Work order:
Every line below is to be copied exactly, with the pictures left out.

Data for processing:
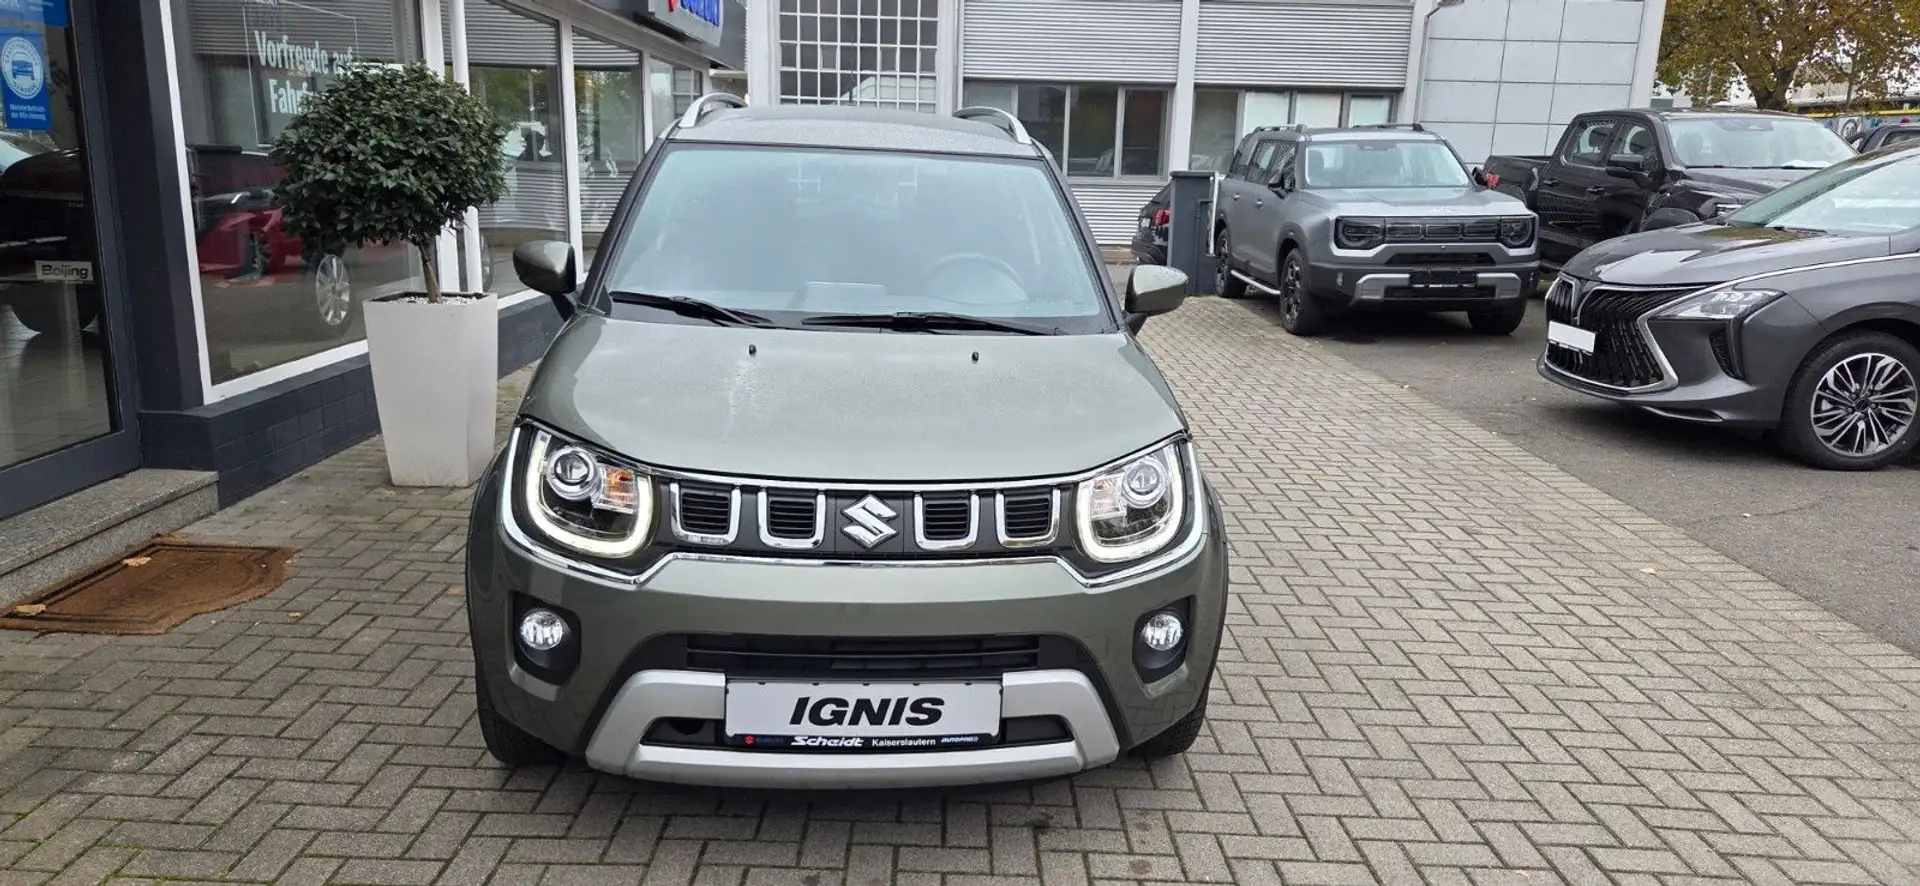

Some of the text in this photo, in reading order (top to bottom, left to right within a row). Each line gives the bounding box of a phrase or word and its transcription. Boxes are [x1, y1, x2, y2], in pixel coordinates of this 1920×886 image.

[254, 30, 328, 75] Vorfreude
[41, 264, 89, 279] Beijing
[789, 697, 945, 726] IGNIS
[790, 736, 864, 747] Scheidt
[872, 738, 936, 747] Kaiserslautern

Exercise solution:
Some of the text in this photo, in reading order (top to bottom, left to right within a row). Each line gives the bounding box of a phrase or word and its transcription. Boxes are [x1, y1, x2, y2], in pixel coordinates of this 1920×886 image.

[254, 30, 328, 75] Vorfreude
[41, 264, 89, 279] Beijing
[789, 697, 945, 726] IGNIS
[790, 736, 864, 747] Scheidt
[872, 738, 936, 747] Kaiserslautern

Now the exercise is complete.